An editorial in the Arch Dermatol Vol 143 May 2007 stated that...
“In the past 10 years, several new methods of treating vitiligo have emerged, including NB-UVB therapy, targeted phototherapy, topical calcineurin inhibitors, and topical calcipotriene …. the question when managing patients with vitiligo, especially that involving exposed sites, is no longer whether to treat or not to treat but to decide which treatment method is most appropriate for the individual patient".
At the moment there is no cure for vitiligo but there are treatments which can often slow down its progress or, in some cases, bring about repigmentation.
Doctors can prescribe corticosteroid creams to be used for a limited period on the affected patches. With new areas or ones which have just started to spread, this treatment can slow down the rate of spread or even restore some of the lost colour, but unfortunately it does not work for everyone. There are concerns about the possible adverse effects of using steroid creams, such as thinning of the skin and stretch marks, but these are rarely seen when the creams are used correctly under medical supervision.

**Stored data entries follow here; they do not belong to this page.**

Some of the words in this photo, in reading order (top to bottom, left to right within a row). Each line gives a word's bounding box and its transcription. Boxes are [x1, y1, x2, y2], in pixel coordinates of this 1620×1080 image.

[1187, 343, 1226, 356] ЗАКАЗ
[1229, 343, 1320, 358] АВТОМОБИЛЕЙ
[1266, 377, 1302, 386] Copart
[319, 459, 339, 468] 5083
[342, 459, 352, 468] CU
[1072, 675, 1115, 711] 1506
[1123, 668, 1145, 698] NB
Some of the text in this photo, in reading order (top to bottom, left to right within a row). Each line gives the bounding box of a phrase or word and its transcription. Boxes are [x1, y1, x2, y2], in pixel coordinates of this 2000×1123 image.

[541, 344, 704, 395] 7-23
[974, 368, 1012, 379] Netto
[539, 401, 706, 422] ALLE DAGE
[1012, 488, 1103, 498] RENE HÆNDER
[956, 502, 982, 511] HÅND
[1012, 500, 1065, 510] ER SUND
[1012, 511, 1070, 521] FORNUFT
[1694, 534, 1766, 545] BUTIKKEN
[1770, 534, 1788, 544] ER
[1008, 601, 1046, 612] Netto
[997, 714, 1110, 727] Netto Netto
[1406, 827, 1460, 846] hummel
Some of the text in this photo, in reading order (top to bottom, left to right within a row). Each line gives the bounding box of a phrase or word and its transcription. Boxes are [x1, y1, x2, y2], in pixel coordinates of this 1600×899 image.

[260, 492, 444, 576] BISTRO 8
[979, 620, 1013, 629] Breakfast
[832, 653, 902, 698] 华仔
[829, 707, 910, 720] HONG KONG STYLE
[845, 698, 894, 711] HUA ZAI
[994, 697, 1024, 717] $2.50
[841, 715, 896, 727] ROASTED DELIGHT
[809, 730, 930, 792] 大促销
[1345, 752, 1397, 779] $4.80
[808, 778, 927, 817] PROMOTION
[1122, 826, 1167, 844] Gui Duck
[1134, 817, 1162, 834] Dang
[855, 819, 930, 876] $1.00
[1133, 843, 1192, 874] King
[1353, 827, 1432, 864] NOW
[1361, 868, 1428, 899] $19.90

Protopic cream (tacrolimus) which has recently been licensed to treat eczema is proving effective in restoring some skin colour especially on the faces of some people who have vitiligo, when the loss of pigment is relatively recent and still active. Protopic can be prescribed by GPs for vitiligo, although it is not licensed. Often a dermatologist may recommend it but ask the GP to actually prescribe it.
There is also another NHS treatment known as PUVA. This involves taking regular medication (Psoralen) and visiting a hospital for treatment (by Ultra Violet A light) two or three times a week for a period of many months. In many dermatology departments PUVA treatment for vitiligo is being replaced by narrowband UVB which involves treatment by ultra violet light at a hospital 2 or 3 times a week for a period of some months. The advantages of this are that no additional medication is required and exposure to the light is for much shorter periods. The different light source also reduces the possible risk of skin cancer. Both of these treatments may bring about repigmentation in some people but it may not be permanent.
There is also conflicting evidence about the effectiveness of laser treatments so these too are only available privately and can be even more expensive.
It must be noted in respect of any of these treatments that if colour does return to the white patches it is still at risk of being lost again at a later stage.